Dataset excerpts
┌──

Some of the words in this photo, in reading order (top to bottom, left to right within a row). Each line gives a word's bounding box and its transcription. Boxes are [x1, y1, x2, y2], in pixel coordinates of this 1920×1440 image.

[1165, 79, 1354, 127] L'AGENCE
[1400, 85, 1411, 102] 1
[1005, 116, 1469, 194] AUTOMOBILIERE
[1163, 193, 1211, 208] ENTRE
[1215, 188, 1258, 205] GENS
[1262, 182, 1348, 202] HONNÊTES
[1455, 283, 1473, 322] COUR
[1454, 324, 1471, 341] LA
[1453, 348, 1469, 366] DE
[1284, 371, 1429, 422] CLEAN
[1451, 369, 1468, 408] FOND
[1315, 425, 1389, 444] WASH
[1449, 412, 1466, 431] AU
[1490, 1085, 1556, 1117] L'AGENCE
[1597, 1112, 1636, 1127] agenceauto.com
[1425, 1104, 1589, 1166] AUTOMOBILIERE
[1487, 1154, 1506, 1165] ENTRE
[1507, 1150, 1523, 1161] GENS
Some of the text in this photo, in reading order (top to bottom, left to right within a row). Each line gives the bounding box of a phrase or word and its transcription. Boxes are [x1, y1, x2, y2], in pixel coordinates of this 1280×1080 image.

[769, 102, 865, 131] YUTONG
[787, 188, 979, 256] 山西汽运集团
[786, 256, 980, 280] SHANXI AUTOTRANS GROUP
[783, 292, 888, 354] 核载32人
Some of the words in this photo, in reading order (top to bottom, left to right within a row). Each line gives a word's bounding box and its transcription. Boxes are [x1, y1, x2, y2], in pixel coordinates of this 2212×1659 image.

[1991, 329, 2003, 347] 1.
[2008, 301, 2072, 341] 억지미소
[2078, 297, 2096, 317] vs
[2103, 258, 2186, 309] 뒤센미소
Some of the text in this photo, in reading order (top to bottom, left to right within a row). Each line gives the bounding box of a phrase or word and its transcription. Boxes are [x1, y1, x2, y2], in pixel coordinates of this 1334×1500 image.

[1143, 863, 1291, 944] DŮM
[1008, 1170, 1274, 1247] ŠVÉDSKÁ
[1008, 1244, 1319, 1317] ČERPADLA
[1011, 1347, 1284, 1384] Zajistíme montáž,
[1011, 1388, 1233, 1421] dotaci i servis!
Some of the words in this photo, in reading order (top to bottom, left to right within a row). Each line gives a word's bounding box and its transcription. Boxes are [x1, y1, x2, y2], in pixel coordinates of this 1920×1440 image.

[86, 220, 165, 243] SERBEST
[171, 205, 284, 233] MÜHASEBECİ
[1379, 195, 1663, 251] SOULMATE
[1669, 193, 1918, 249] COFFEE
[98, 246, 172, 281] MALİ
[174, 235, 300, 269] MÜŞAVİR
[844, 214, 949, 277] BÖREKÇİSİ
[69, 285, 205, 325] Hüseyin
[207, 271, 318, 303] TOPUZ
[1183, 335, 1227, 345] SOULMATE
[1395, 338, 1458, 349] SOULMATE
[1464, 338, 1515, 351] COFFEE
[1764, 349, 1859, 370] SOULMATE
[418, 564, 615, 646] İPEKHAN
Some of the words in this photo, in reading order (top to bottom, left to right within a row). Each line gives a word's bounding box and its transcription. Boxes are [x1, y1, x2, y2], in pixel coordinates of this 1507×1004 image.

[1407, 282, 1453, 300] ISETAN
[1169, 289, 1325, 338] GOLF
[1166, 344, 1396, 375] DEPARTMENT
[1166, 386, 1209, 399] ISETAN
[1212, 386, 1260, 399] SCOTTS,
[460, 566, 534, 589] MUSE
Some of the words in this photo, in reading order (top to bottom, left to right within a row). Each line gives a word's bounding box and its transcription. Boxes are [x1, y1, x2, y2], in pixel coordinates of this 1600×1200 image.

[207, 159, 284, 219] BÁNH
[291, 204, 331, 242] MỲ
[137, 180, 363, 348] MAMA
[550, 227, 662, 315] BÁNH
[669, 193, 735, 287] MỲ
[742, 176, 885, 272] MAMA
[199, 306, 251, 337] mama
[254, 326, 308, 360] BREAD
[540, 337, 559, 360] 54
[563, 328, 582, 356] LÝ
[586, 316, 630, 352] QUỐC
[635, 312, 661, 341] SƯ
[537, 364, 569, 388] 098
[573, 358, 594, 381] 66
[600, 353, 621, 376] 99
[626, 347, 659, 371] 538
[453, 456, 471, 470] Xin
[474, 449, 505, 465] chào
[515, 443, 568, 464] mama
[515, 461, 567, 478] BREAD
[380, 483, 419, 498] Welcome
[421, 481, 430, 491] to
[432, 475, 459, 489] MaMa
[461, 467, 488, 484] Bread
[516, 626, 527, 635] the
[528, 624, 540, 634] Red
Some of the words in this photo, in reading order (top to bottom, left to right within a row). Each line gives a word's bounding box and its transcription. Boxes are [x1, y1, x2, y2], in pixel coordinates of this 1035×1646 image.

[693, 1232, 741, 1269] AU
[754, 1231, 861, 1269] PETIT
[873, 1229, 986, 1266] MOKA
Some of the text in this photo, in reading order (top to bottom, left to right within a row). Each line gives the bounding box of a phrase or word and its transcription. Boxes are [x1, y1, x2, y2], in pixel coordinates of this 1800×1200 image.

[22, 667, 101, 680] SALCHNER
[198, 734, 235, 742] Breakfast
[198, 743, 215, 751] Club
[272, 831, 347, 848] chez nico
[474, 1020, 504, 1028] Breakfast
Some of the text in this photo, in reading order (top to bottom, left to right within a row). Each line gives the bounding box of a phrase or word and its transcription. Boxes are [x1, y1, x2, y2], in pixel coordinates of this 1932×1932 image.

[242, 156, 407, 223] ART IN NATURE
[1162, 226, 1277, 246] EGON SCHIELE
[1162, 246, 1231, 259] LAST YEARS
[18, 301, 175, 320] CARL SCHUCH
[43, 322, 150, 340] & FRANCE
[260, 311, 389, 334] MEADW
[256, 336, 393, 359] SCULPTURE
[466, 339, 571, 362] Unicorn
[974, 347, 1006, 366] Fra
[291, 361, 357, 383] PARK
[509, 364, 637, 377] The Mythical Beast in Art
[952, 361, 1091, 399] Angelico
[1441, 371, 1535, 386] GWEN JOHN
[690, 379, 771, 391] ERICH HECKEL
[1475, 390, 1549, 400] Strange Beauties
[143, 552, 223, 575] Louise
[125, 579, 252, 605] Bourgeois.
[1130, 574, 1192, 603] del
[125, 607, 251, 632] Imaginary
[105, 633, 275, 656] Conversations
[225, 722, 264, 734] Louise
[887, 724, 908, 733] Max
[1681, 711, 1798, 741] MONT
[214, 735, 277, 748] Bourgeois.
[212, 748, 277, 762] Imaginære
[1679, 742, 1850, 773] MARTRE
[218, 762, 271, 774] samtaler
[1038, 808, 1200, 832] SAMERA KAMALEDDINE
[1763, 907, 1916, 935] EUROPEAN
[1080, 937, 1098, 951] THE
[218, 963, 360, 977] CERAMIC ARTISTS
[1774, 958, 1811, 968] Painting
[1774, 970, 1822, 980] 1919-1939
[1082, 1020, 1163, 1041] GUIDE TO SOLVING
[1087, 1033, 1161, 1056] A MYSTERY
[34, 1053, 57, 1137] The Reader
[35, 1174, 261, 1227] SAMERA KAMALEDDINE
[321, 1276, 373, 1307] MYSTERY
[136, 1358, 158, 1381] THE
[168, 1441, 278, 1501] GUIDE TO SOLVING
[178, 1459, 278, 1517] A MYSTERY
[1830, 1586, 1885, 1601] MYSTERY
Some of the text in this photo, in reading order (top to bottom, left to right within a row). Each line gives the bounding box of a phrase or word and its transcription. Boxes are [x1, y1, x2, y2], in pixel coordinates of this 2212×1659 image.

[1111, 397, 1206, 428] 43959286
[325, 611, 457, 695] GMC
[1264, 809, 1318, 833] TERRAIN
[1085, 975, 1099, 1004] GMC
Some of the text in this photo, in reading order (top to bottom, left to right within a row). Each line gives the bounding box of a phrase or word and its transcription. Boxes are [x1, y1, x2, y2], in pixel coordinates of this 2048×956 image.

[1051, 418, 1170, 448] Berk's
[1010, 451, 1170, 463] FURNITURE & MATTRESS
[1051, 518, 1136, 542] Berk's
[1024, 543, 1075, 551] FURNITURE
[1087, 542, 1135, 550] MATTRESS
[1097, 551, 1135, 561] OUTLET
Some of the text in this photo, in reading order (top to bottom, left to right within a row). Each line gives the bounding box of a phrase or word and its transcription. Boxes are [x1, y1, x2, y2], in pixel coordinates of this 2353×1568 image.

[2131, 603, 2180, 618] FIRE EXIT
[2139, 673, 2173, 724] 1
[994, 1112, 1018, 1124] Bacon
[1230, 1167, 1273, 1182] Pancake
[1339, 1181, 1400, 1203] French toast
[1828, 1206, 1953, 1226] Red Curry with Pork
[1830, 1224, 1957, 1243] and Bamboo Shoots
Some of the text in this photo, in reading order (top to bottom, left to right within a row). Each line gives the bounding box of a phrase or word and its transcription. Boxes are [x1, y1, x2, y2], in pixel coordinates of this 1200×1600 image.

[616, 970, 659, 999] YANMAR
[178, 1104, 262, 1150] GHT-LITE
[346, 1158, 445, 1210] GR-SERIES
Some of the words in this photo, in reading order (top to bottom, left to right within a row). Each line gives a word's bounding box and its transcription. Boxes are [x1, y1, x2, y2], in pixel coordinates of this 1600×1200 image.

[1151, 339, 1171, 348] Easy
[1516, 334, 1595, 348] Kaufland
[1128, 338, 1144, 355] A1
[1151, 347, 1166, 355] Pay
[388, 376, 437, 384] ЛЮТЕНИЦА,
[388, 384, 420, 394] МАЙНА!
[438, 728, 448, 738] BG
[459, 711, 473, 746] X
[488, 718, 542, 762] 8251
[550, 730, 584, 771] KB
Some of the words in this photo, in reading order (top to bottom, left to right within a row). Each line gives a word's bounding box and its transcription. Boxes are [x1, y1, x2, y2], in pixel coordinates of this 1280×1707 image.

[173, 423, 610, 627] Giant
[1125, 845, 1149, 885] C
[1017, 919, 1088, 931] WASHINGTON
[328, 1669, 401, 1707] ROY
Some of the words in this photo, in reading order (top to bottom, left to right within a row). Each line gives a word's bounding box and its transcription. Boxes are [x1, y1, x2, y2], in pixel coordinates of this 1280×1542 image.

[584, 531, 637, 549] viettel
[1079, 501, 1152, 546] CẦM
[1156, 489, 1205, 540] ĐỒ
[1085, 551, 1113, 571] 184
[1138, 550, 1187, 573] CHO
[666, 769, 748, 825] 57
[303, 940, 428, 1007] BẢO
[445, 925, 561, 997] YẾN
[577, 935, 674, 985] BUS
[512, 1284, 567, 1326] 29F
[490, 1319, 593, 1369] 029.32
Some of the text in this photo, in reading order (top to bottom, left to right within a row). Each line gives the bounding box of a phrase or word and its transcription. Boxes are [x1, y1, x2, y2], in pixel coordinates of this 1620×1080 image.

└──

Exercise brief ::
Starting at the line that holds "this 1280×1542 image.", set down each line exactly through the last line of the records above, and no others.

Your solution ::
Some of the words in this photo, in reading order (top to bottom, left to right within a row). Each line gives a word's bounding box and its transcription. Boxes are [x1, y1, x2, y2], in pixel coordinates of this 1280×1542 image.

[584, 531, 637, 549] viettel
[1079, 501, 1152, 546] CẦM
[1156, 489, 1205, 540] ĐỒ
[1085, 551, 1113, 571] 184
[1138, 550, 1187, 573] CHO
[666, 769, 748, 825] 57
[303, 940, 428, 1007] BẢO
[445, 925, 561, 997] YẾN
[577, 935, 674, 985] BUS
[512, 1284, 567, 1326] 29F
[490, 1319, 593, 1369] 029.32
Some of the text in this photo, in reading order (top to bottom, left to right within a row). Each line gives the bounding box of a phrase or word and its transcription. Boxes are [x1, y1, x2, y2], in pixel coordinates of this 1620×1080 image.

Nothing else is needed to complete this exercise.